Images for object localization
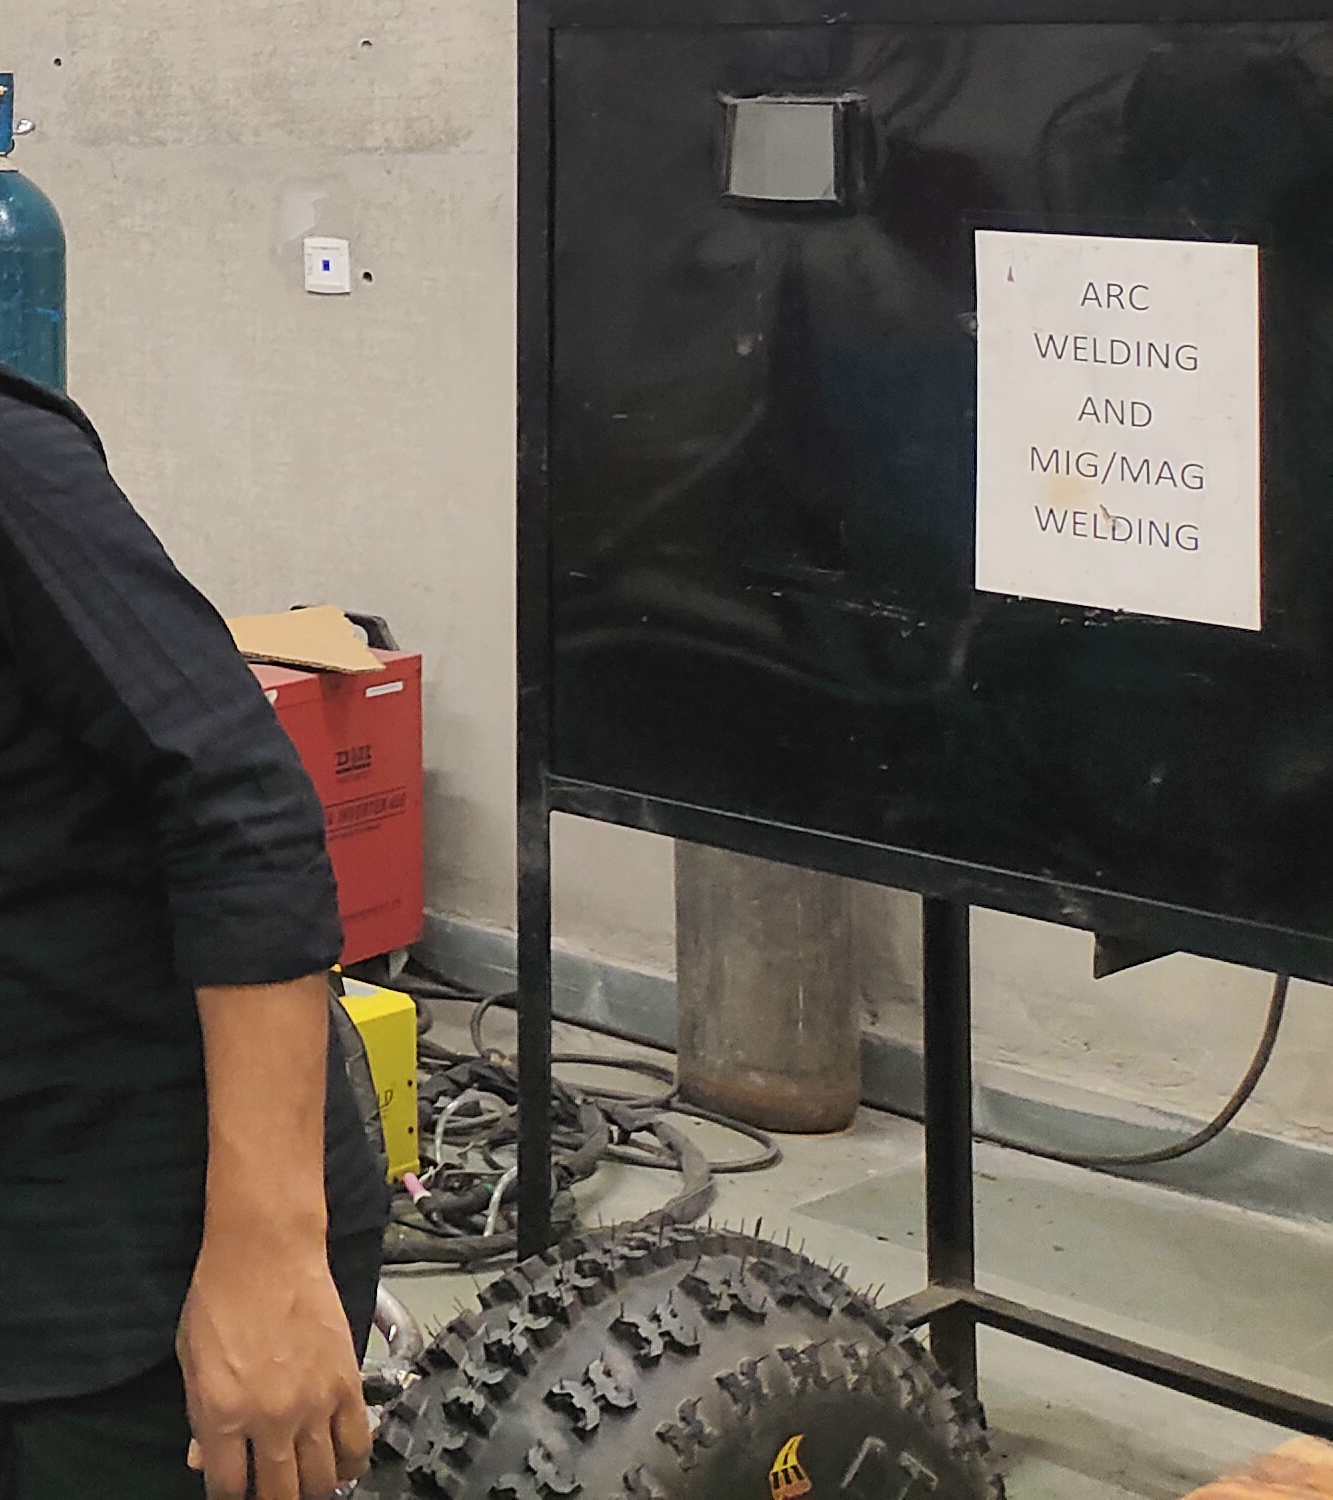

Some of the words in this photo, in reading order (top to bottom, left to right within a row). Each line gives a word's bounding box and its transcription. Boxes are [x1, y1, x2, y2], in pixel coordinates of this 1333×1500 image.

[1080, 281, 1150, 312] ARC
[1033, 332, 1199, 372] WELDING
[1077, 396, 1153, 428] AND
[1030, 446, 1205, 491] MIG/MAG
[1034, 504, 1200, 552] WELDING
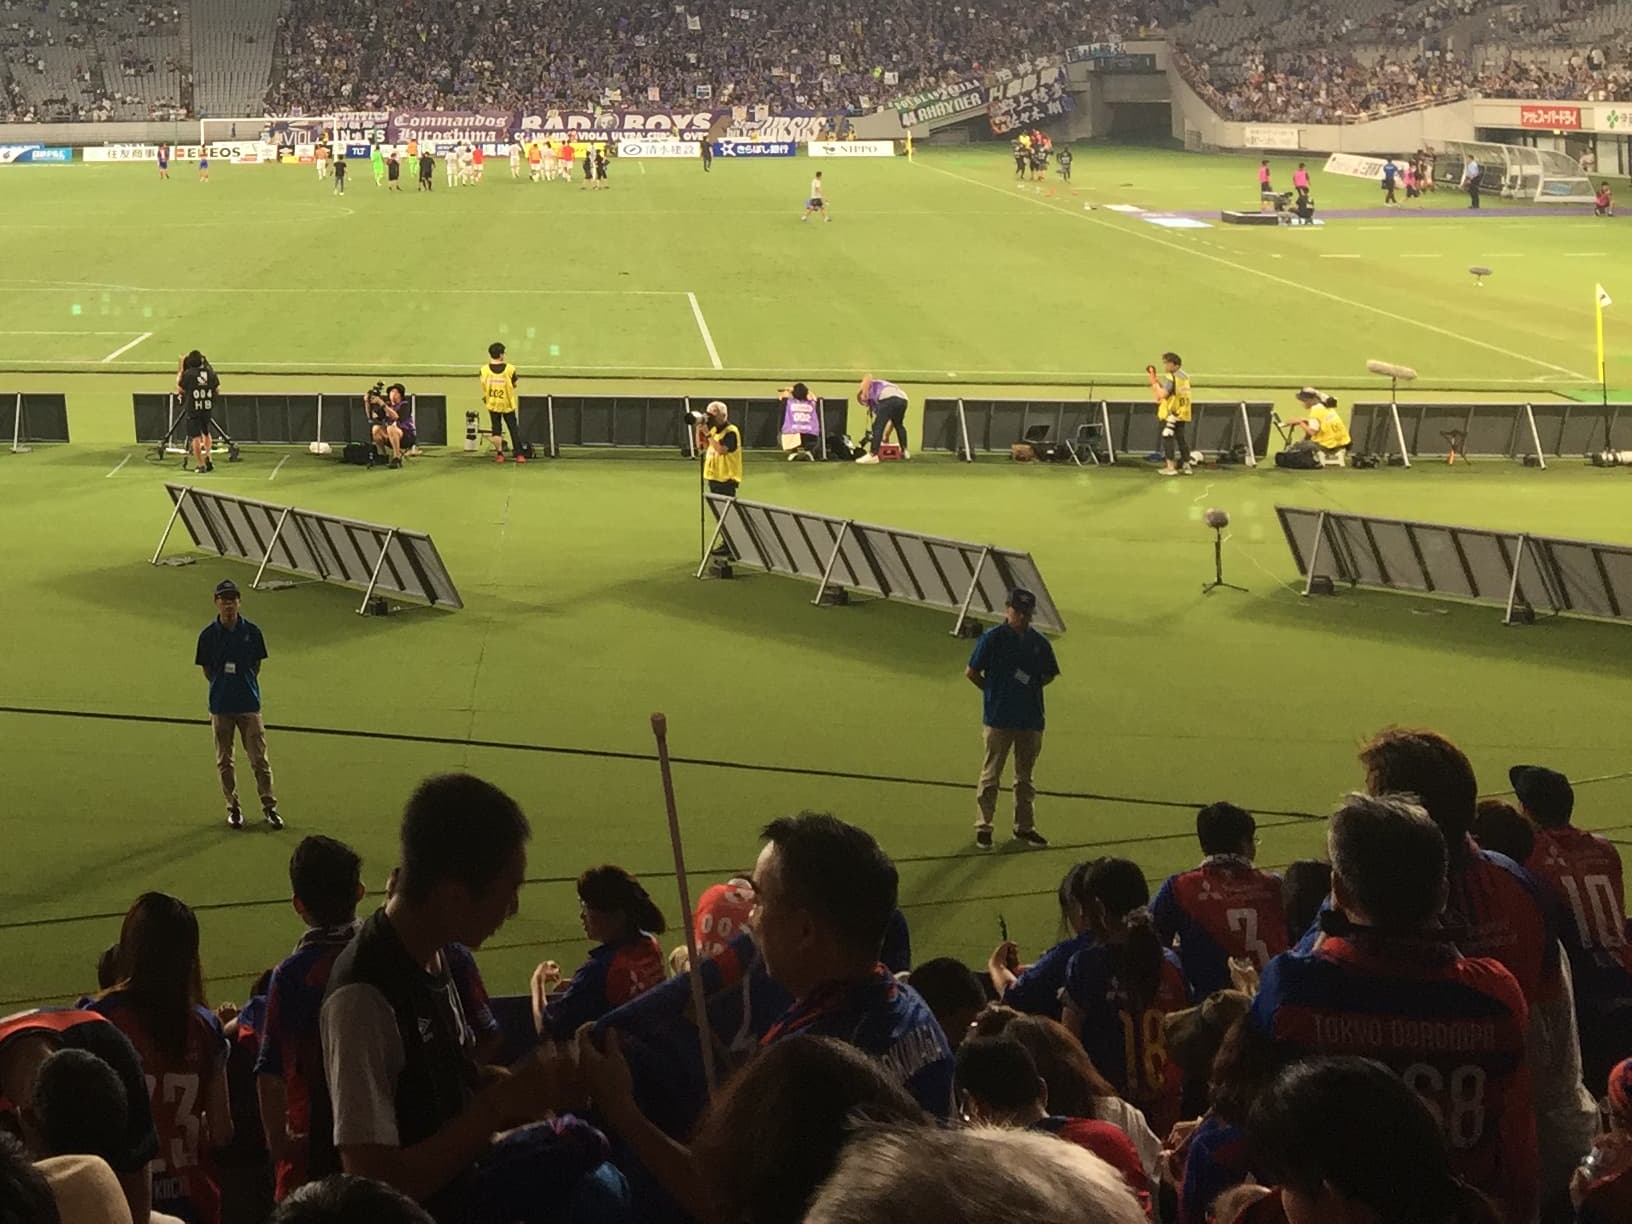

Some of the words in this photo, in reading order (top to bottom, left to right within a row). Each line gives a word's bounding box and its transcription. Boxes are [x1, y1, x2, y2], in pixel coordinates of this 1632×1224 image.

# Task goal
Copy each entry exactly as written. Pictures do not belong in the copy.

# Answer section
Some of the words in this photo, in reading order (top to bottom, left to right within a row). Each line gives a word's bounding box and its transcription. Boxes are [x1, y1, x2, y2], in pixel coordinates of this 1333×1500 image.

[1080, 281, 1150, 312] ARC
[1033, 332, 1199, 372] WELDING
[1077, 396, 1153, 428] AND
[1030, 446, 1205, 491] MIG/MAG
[1034, 504, 1200, 552] WELDING

Some of the words in this photo, in reading order (top to bottom, left to right within a row). Each line gives a word's bounding box and its transcription. Boxes are [x1, y1, x2, y2], in pixel coordinates of this 1632×1224 image.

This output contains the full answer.